__What to produce__: Read through the data and report every line in which the word "Forest" occurs.

__Excerpted records__:
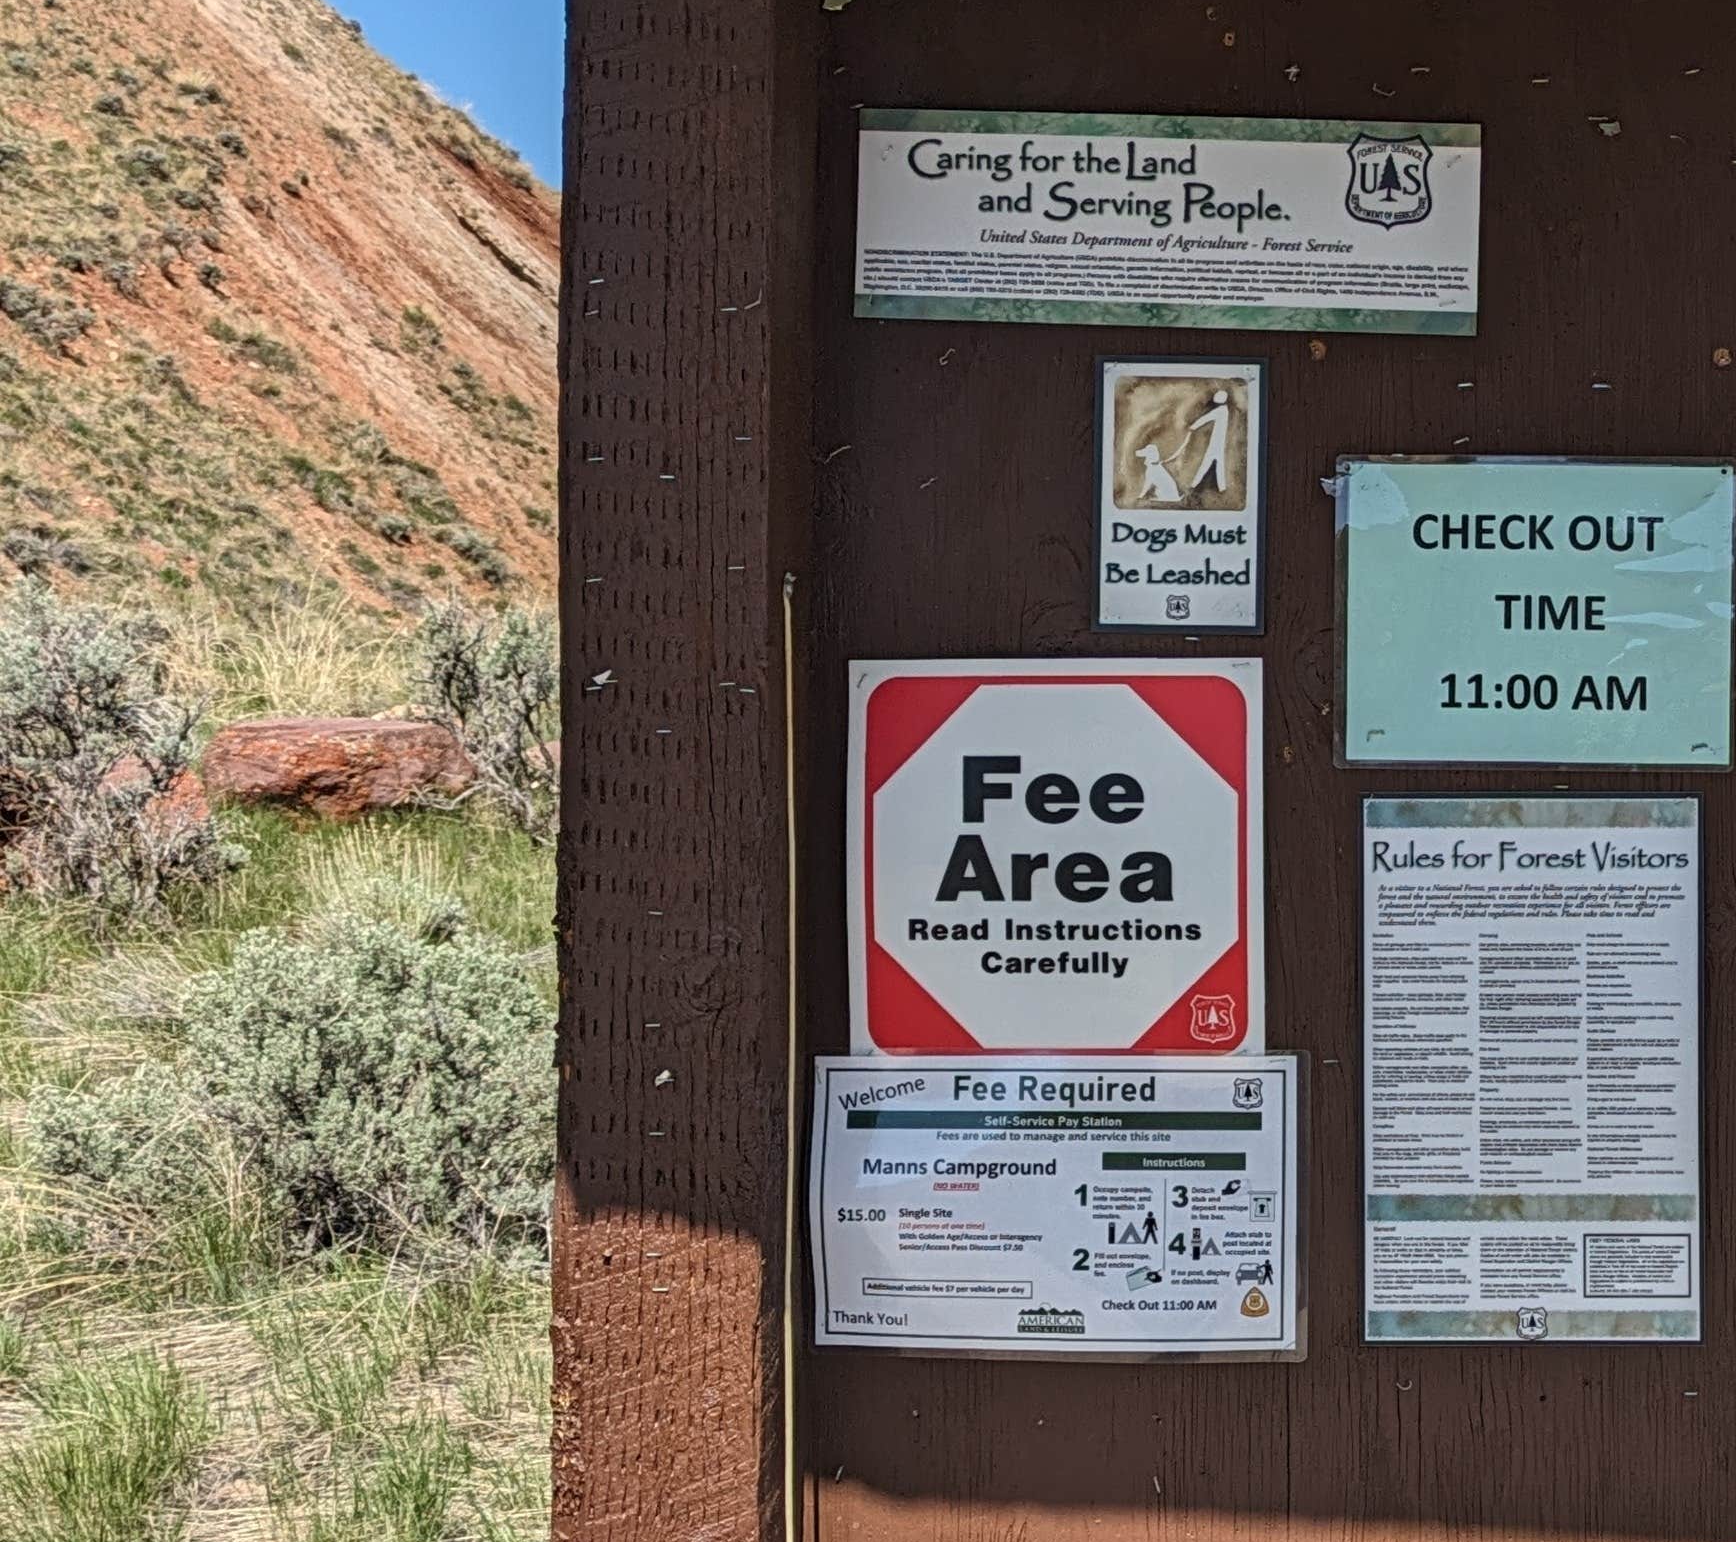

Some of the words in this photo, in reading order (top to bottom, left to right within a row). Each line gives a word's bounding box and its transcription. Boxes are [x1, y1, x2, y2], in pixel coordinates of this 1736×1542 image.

[907, 138, 1012, 181] Caring
[1020, 141, 1062, 172] for
[1073, 142, 1121, 173] the
[1126, 141, 1195, 180] Land
[978, 182, 1032, 213] and
[1043, 181, 1172, 226] Serving
[1182, 182, 1291, 233] People.
[980, 228, 1027, 243] United
[1029, 230, 1068, 245] States
[1071, 231, 1153, 249] Department
[1156, 234, 1173, 251] of
[1173, 234, 1249, 252] Agriculture
[1262, 237, 1303, 251] Forest
[1305, 238, 1353, 253] Service
[1111, 522, 1178, 553] Dogs
[1184, 524, 1247, 544] Must
[1413, 514, 1554, 550] CHECK
[1568, 515, 1664, 552] OUT
[1105, 563, 1140, 583] Be
[1146, 557, 1250, 585] Leashed
[1495, 594, 1606, 630] TIME
[1440, 673, 1558, 710] 11:00
[1571, 675, 1648, 710] AM
[962, 755, 1145, 824] Fee
[1372, 840, 1445, 872] Rules
[1451, 839, 1493, 869] for
[1498, 840, 1587, 872] Forest
[1591, 841, 1690, 871] Visitors
[935, 834, 1174, 903] Area
[908, 919, 989, 941] Read
[1004, 918, 1202, 941] Instructions
[981, 951, 1129, 978] Carefully
[838, 1078, 926, 1109] Welcome
[953, 1075, 1006, 1101] Fee
[1019, 1075, 1156, 1108] Required
[984, 1116, 1055, 1127] Self-Service
[1058, 1117, 1078, 1128] Pay
[1082, 1117, 1122, 1127] Station
[936, 1131, 959, 1140] Fees
[962, 1132, 979, 1141] are
[982, 1131, 1006, 1141] used
[1009, 1132, 1020, 1141] to
[1023, 1133, 1065, 1143] manage
[1068, 1131, 1087, 1141] and
[1090, 1132, 1127, 1141] service
[1130, 1132, 1150, 1141] this
[1151, 1132, 1171, 1141] site
[863, 1159, 927, 1175] Manns
[933, 1158, 1056, 1179] Campground
[1143, 1158, 1206, 1168] Instructions
[1074, 1184, 1087, 1207] 1
[1093, 1186, 1119, 1194] Occupy
[1171, 1185, 1189, 1208] 3
[837, 1208, 886, 1223] $15.00
[899, 1208, 930, 1219] Single
[933, 1208, 952, 1218] Site
[1168, 1232, 1186, 1255] 4
[1072, 1248, 1090, 1271] 2
[956, 1286, 968, 1294] per
[997, 1286, 1009, 1295] per
[1011, 1286, 1025, 1295] day
[1102, 1299, 1135, 1310] Check
[1138, 1299, 1159, 1310] Out
[1163, 1300, 1194, 1310] 11:00
[1197, 1300, 1217, 1310] AM
[833, 1310, 874, 1325] Thank
[877, 1311, 908, 1326] You!
[1019, 1315, 1085, 1325] AMERICAN

__Written answer__:
[1262, 237, 1303, 251] Forest
[1498, 840, 1587, 872] Forest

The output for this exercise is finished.